Even if you insist on a pure game theory perspective GP's ultimatum makes sense, though - it sought to address an imbalance in investment by saying either invest more in me or allow me to invest less in you.
> (edit: France has legislated 35 as full time - overtime must be paid for hours >35. They are currently considering revising this to 32).
That's great. The parent poster should consider moving to France, where, I understand, there are far fewer tech jobs that pay near what can be earned at large tech firms in the US. I'd be willing to bet money that trade will not result in 25% fewer hours for the same US pay.
> Even if you insist on a pure game theory perspective GP's ultimatum makes sense, though - it sought to address an imbalance in investment by saying either invest more in me or allow me to invest less in you.

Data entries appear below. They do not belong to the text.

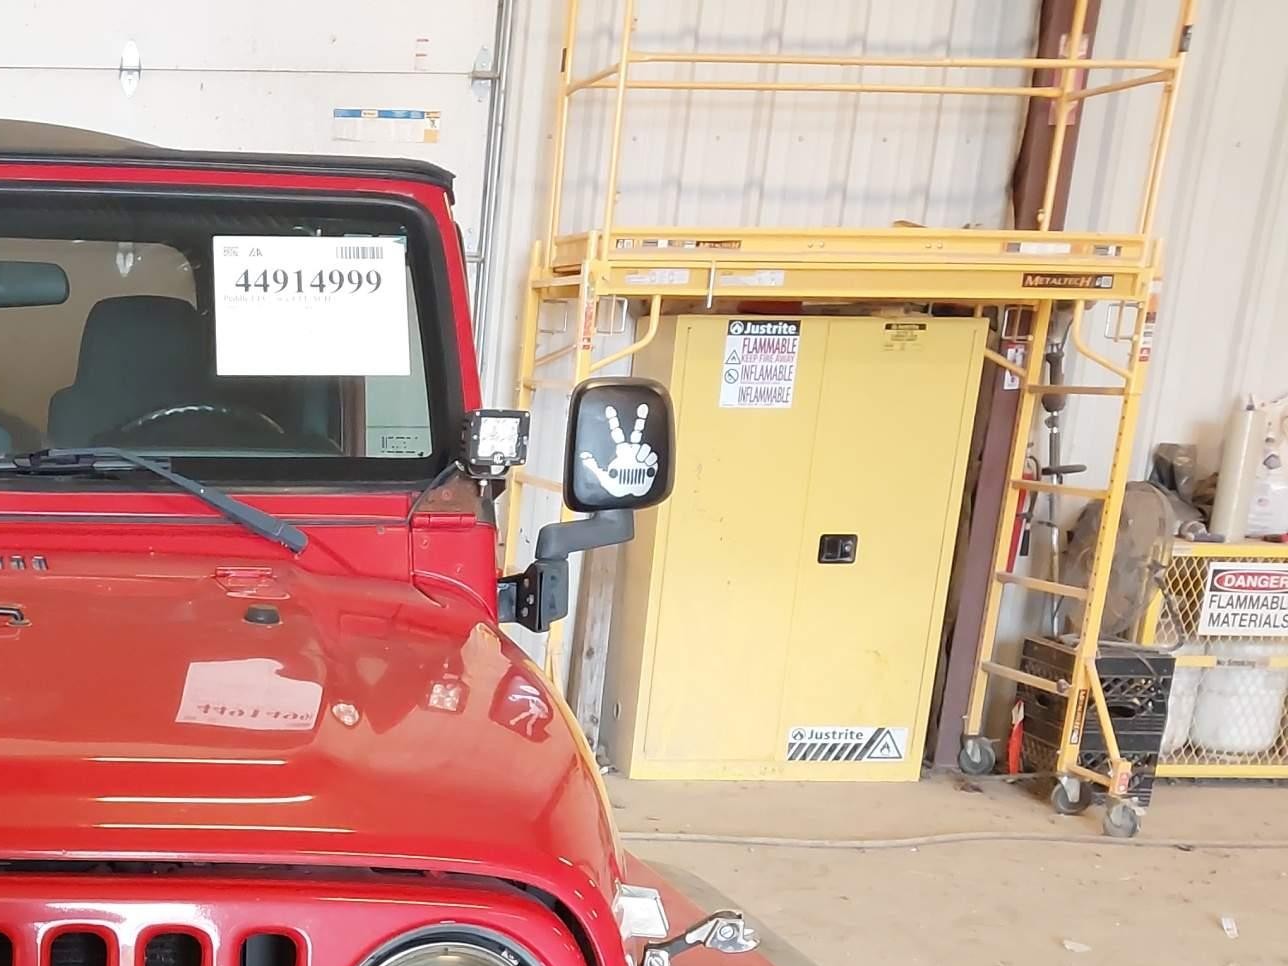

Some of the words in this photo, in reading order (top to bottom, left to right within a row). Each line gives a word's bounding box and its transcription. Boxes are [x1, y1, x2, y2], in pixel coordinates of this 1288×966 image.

[234, 268, 382, 294] 44914999
[744, 321, 797, 335] Justrite
[742, 337, 798, 354] FLAMMABLE
[740, 364, 794, 381] INFLAMABLE
[738, 386, 792, 403] INFLAMMABLE
[1223, 575, 1288, 589] DANGER
[1207, 612, 1288, 629] MATERIALS
[808, 729, 864, 740] Justrite

Given that the parent poster apparently didn't even submit his ultimatum to his employer, and his employer apparently didn't fight to keep him...
Even in this very difficult environment, most of the people in my network who are hiring in tech/digital media companies are remaining very selective about who they hire. Yes, it sucks to not have the desired staffing levels, but it sucks more to hire the wrong people or keep people who are toxic or ask for way more than they're realistically worth on the mistaken assumption that just because there's a labor shortage, they can demand anything.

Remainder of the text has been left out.